[Images for object localization]
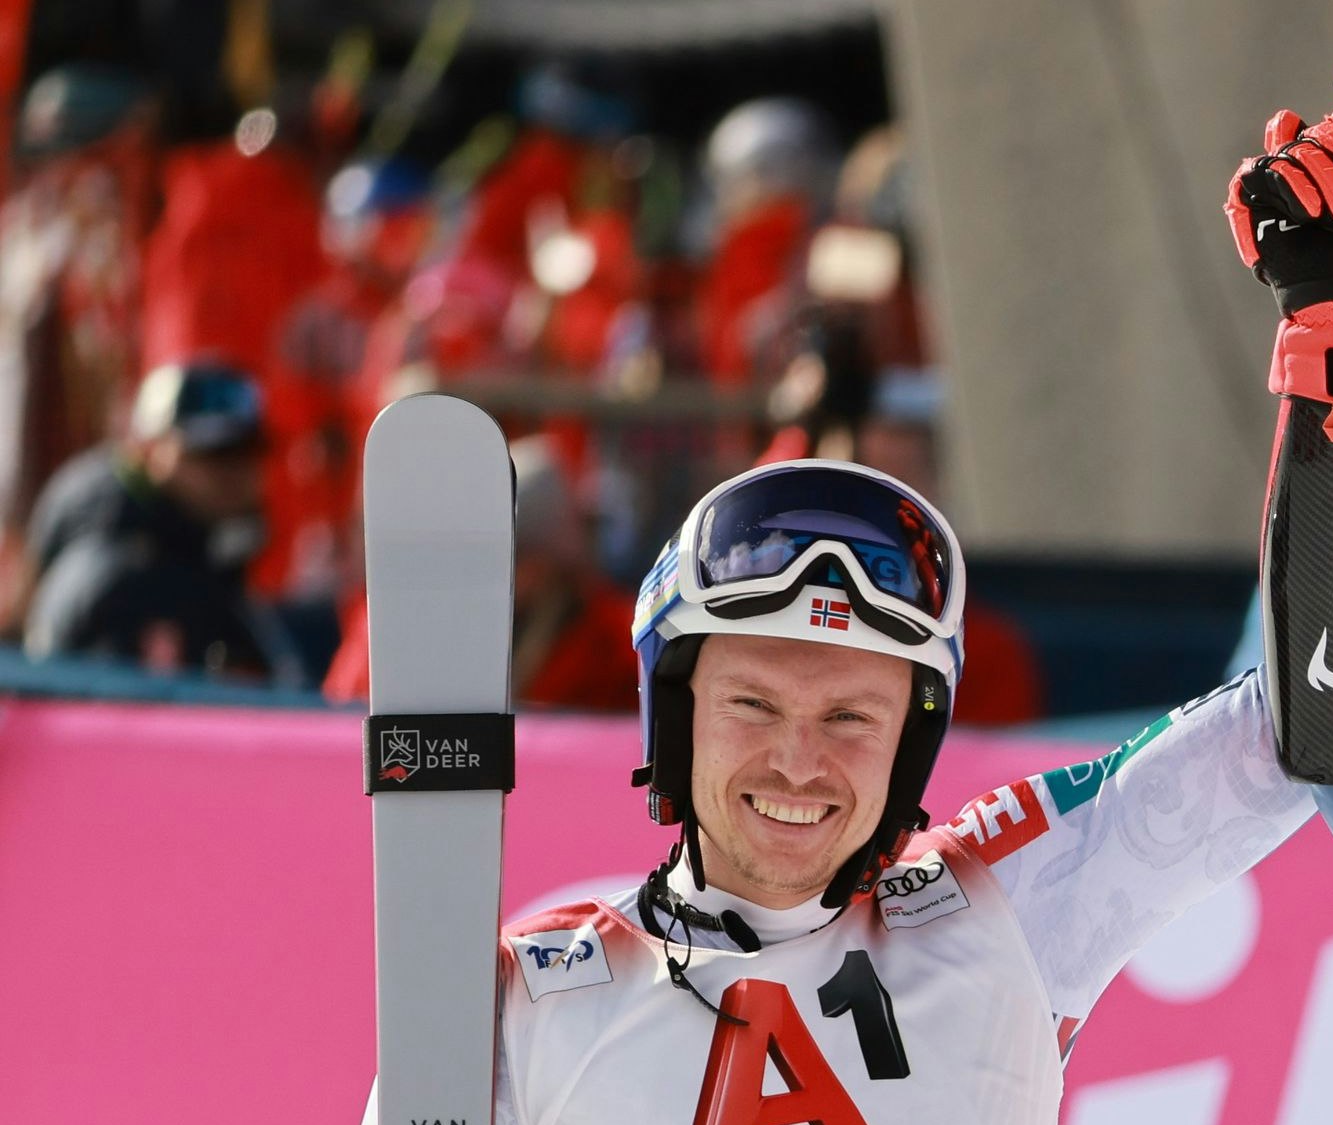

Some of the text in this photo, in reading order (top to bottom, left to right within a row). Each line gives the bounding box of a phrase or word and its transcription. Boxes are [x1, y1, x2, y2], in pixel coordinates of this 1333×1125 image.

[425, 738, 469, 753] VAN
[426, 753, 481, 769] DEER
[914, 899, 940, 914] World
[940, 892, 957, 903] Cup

> _Task details_:
Repeat all of the entries above word for word and omit the pictures.

> _Task output_:
Some of the text in this photo, in reading order (top to bottom, left to right within a row). Each line gives the bounding box of a phrase or word and its transcription. Boxes are [x1, y1, x2, y2], in pixel coordinates of this 1333×1125 image.

[425, 738, 469, 753] VAN
[426, 753, 481, 769] DEER
[914, 899, 940, 914] World
[940, 892, 957, 903] Cup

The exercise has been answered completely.